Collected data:

┄┄┄┄┄┄

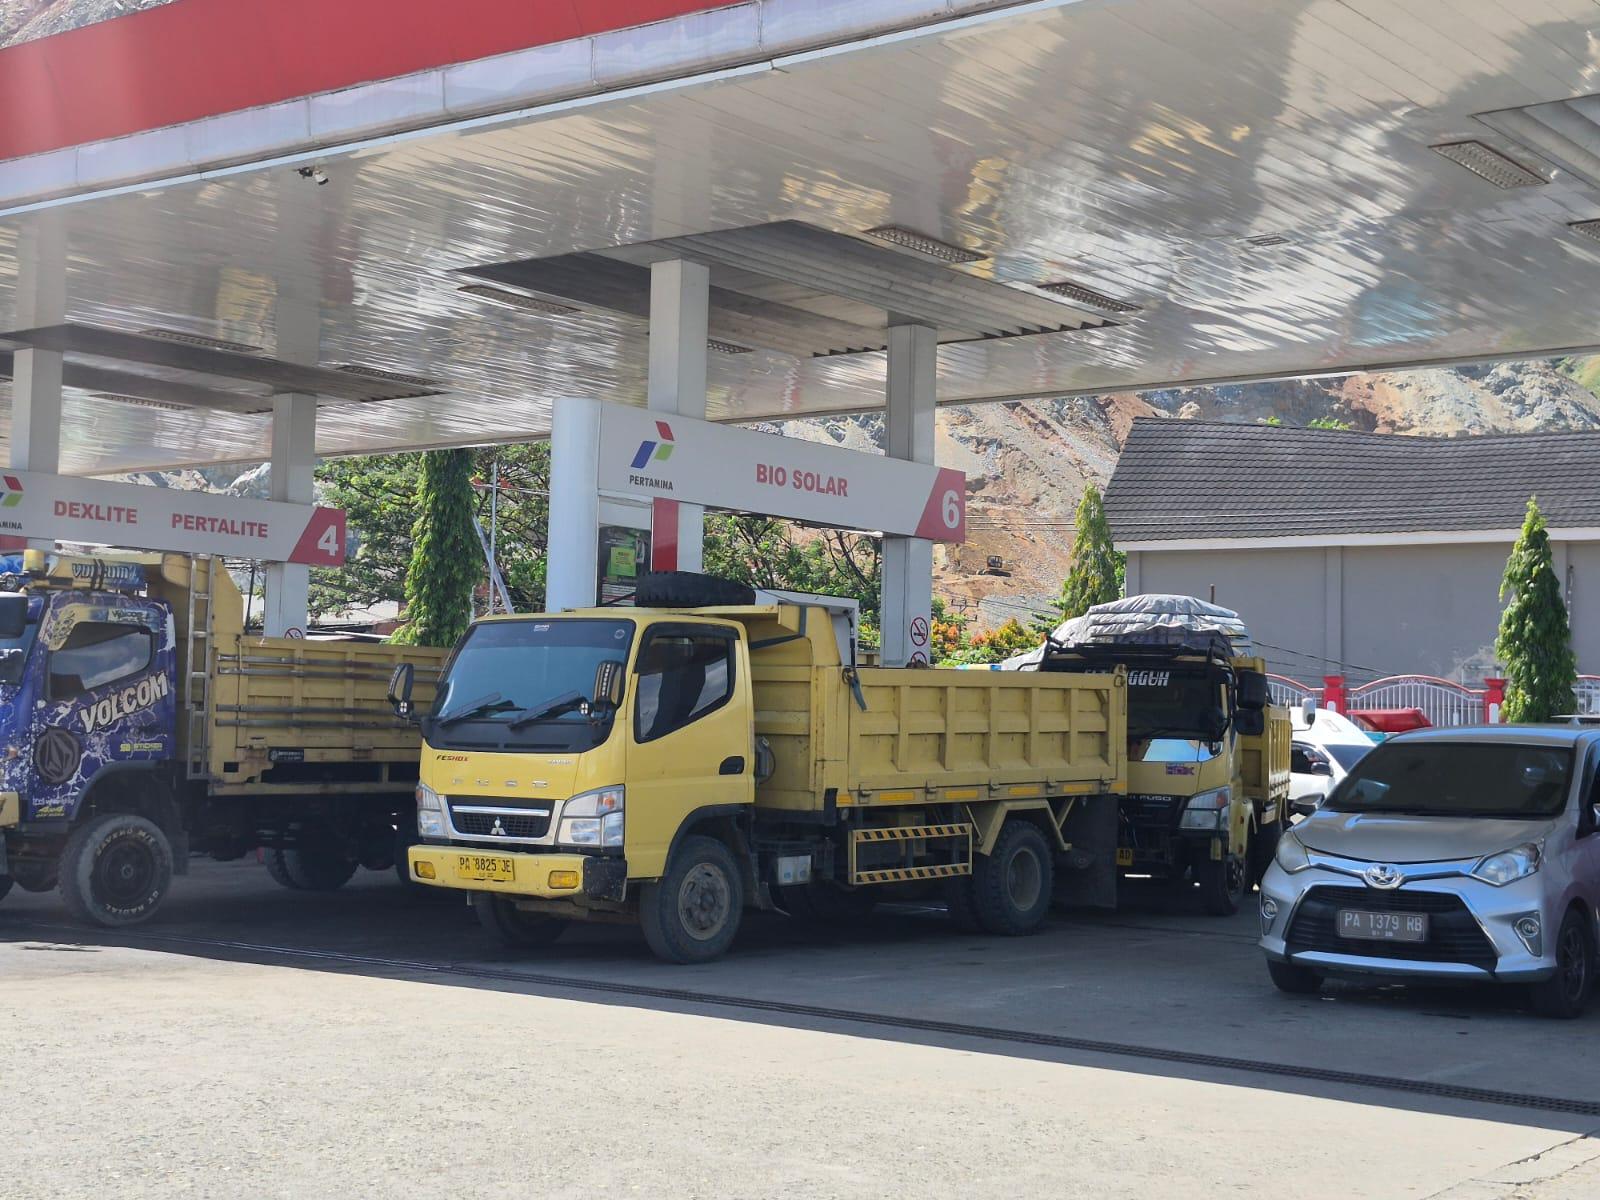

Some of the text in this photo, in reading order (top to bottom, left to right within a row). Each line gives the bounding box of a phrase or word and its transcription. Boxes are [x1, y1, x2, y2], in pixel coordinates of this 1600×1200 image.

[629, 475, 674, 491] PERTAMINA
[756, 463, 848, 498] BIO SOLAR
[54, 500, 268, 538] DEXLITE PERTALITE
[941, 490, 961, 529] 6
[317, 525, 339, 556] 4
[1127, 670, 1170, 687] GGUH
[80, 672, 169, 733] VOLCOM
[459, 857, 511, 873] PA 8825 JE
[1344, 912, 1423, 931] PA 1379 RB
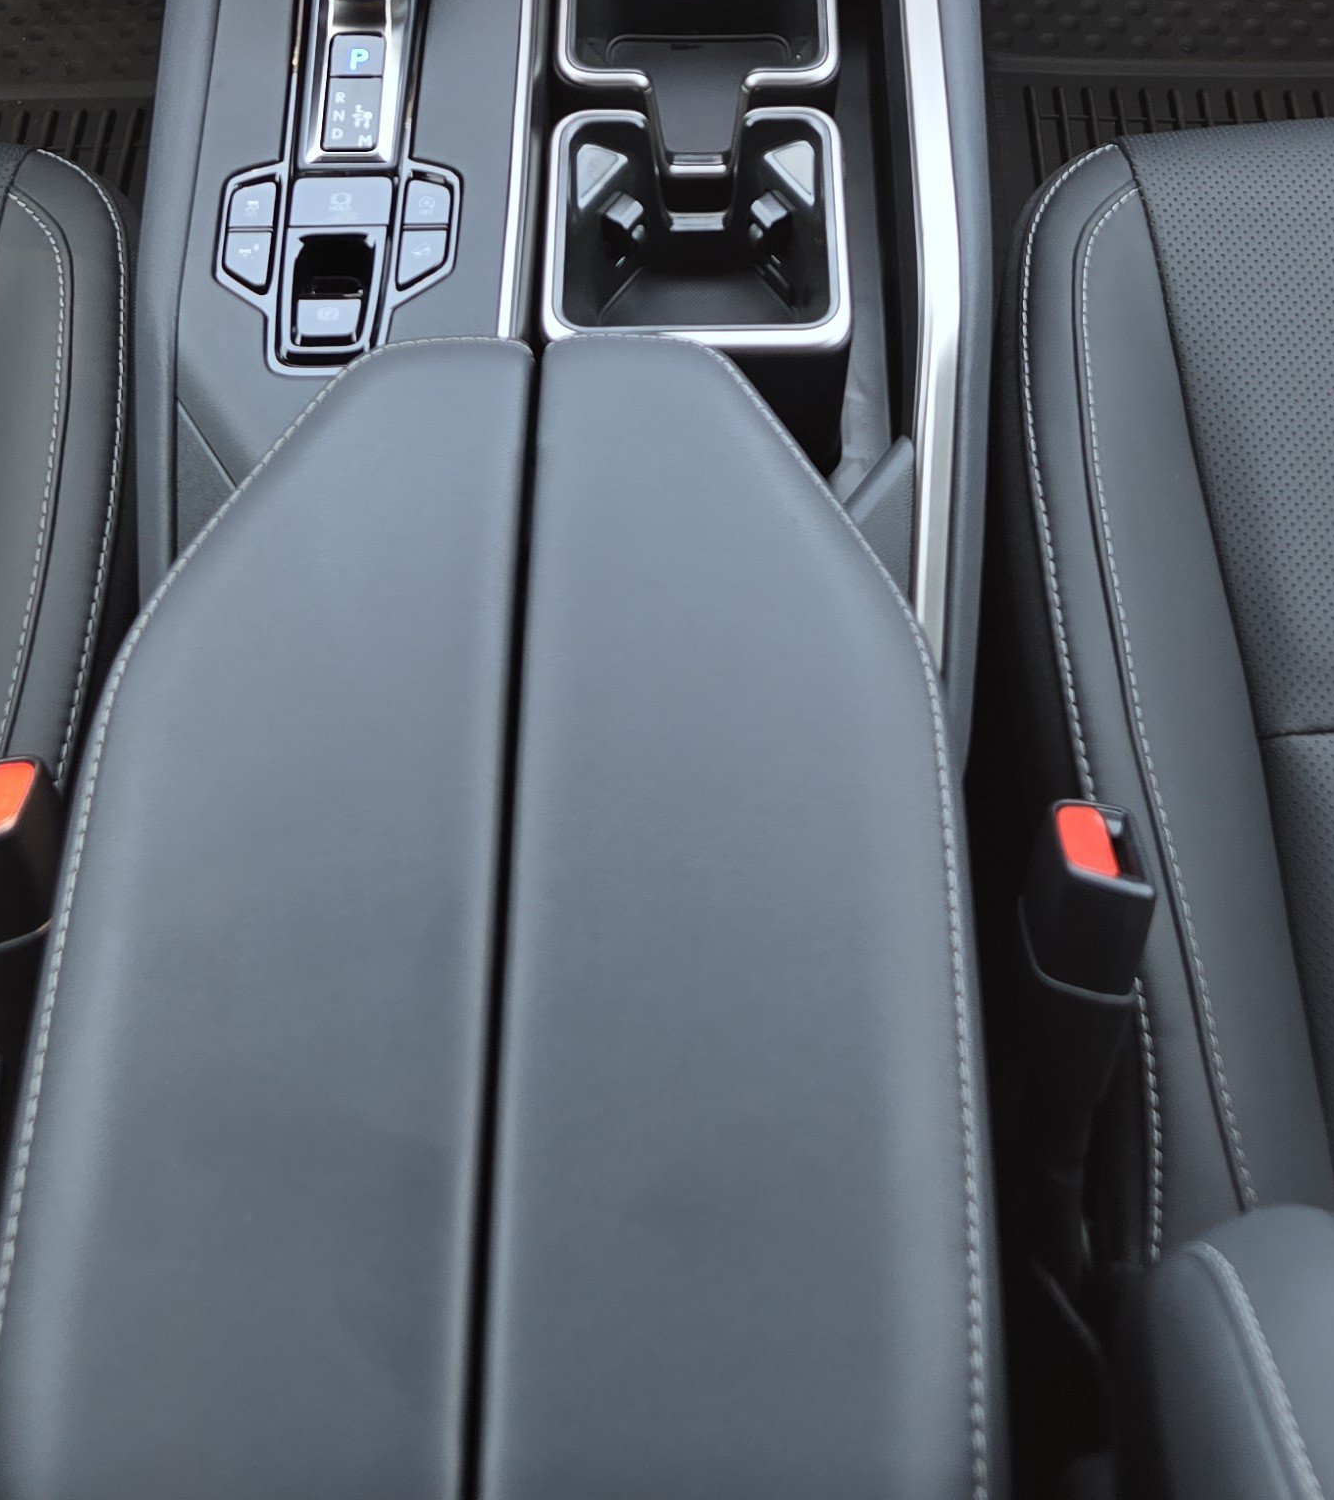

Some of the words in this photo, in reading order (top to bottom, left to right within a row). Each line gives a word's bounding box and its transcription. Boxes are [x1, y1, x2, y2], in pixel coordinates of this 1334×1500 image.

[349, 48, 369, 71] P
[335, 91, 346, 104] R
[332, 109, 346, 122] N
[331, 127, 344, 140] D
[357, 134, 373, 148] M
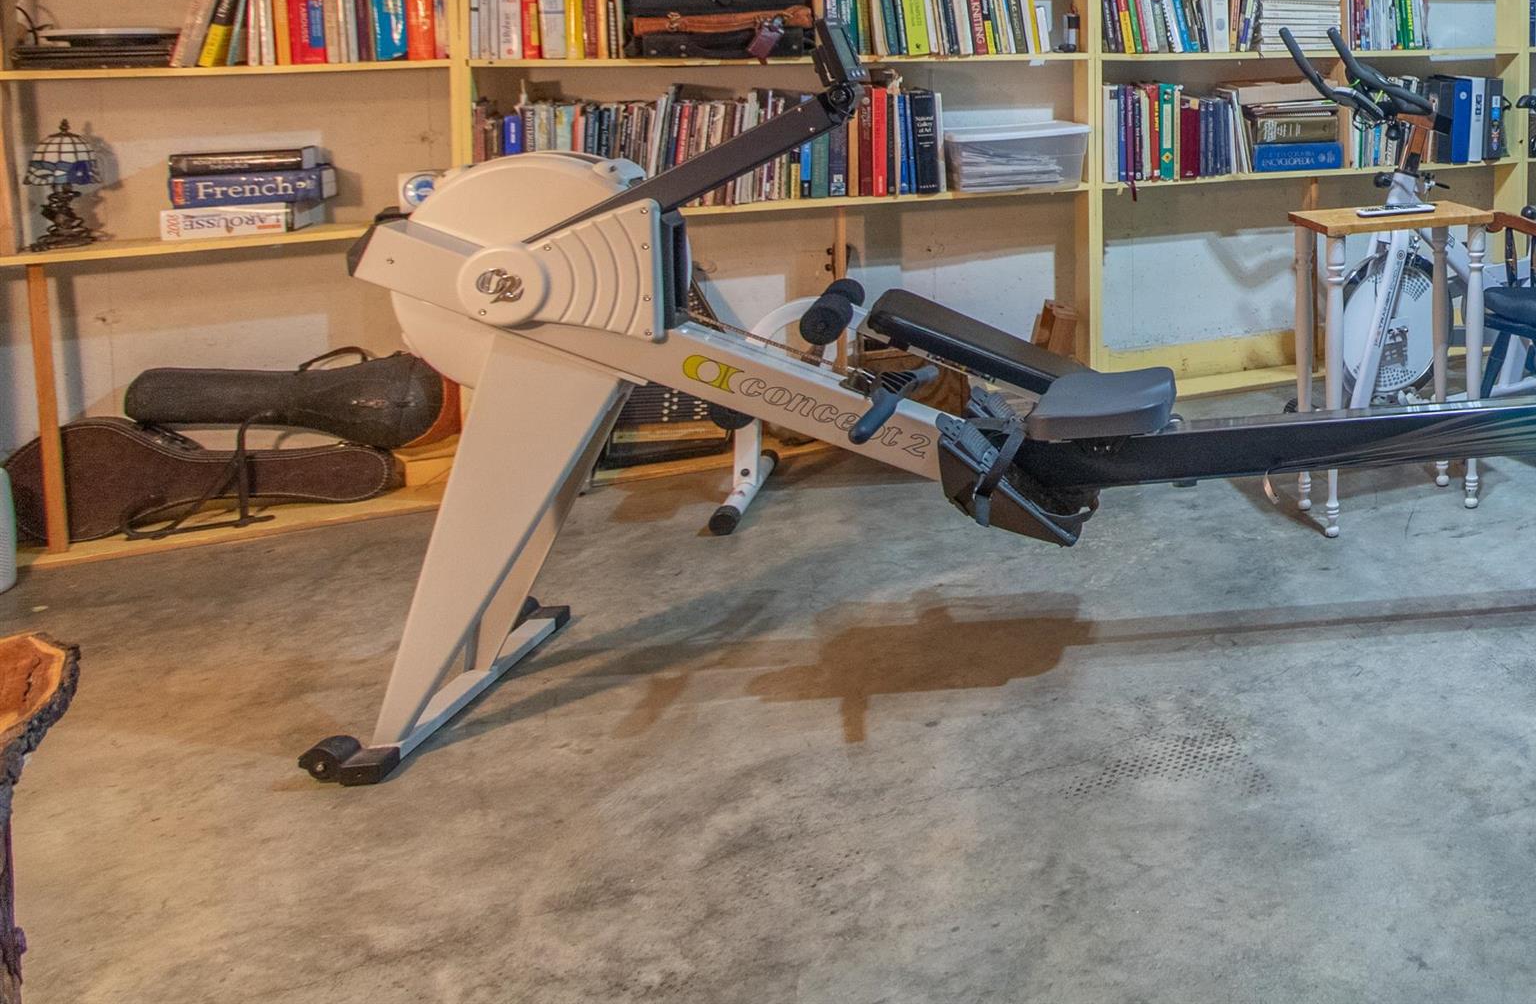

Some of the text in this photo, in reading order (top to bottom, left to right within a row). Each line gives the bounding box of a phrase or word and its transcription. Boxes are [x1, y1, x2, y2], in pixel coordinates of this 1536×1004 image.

┄┄┄┄┄┄

Your objective =>
All the records above need to be given again word for word. Skip the pictures.

Answer to the problem =>
Some of the text in this photo, in reading order (top to bottom, left to right within a row). Each line gives the bounding box of a phrase or word and its transcription. Boxes are [x1, y1, x2, y2], in pixel coordinates of this 1600×1200 image.

[629, 475, 674, 491] PERTAMINA
[756, 463, 848, 498] BIO SOLAR
[54, 500, 268, 538] DEXLITE PERTALITE
[941, 490, 961, 529] 6
[317, 525, 339, 556] 4
[1127, 670, 1170, 687] GGUH
[80, 672, 169, 733] VOLCOM
[459, 857, 511, 873] PA 8825 JE
[1344, 912, 1423, 931] PA 1379 RB

Some of the words in this photo, in reading order (top to bottom, left to right within a row). Each line gives a word's bounding box and its transcription. Boxes are [x1, y1, x2, y2], in pixel coordinates of this 1334×1500 image.

[349, 48, 369, 71] P
[335, 91, 346, 104] R
[332, 109, 346, 122] N
[331, 127, 344, 140] D
[357, 134, 373, 148] M

Some of the text in this photo, in reading order (top to bottom, left to right within a row). Each line gives the bounding box of a phrase or word and its transcription. Boxes are [x1, y1, x2, y2], in pixel coordinates of this 1536×1004 image.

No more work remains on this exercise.